How We’ll Reach a 1 Trillion Transistor GPU
Mark Liu and HS Philip Wong | IEEE Spectrum
“We forecast that within a decade a multichiplet GPU will have more than 1 trillion transistors. We’ll need to link all these chiplets together in a 3D stack, but fortunately, industry has been able to rapidly scale down the pitch of vertical interconnects, increasing the density of connections. And there is plenty of room for more. We see no reason why the interconnect density can’t grow by an order of magnitude, and even beyond.”

Astronomers Watch in Real Time as Epic Supernova Potentially Births a Black Hole
Isaac Schultz | Gizmodo
“‘Calculations of the circumstellar material emitted in the explosion, as well as this material’s density and mass before and after the supernova, create a discrepancy, which makes it very likely that the missing mass ended up in a black hole that was formed in the aftermath of the explosion—something that’s usually very hard to determine,’ said study co-author Ido Irani, a researcher at the Weizmann Institute.”

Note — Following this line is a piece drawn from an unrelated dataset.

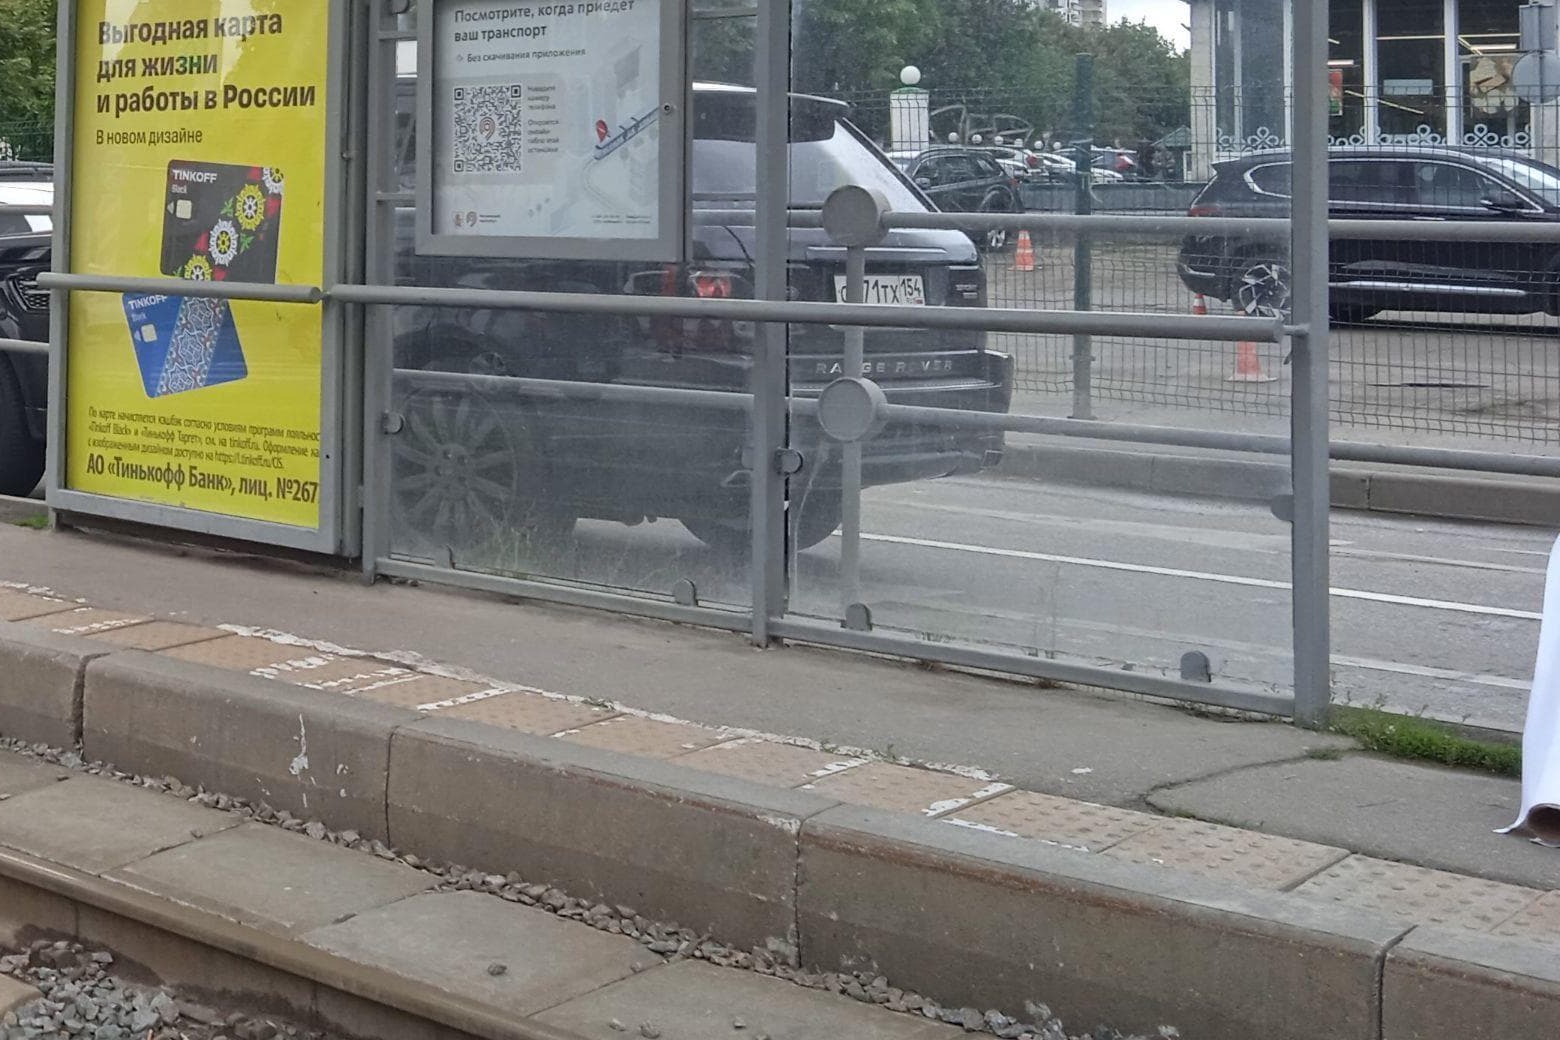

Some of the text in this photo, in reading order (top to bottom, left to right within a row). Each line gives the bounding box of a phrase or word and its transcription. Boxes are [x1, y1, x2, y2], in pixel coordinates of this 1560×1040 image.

Large Language Models’ Emergent Abilities Are a Mirage
Stephen Ornes | Wired
“[In some tasks measured by the BIG-bench project, LLM] performance remained near zero for a while, then performance jumped. Other studies found similar leaps in ability. The authors described this as ‘breakthrough’ behavior; other researchers have likened it to a phase transition in physics, like when liquid water freezes into ice. …[But] a new paper by a trio of researchers at Stanford University posits that the sudden appearance of these abilities is just a consequence of the way researchers measure the LLM’s performance. The abilities, they argue, are neither unpredictable nor sudden.”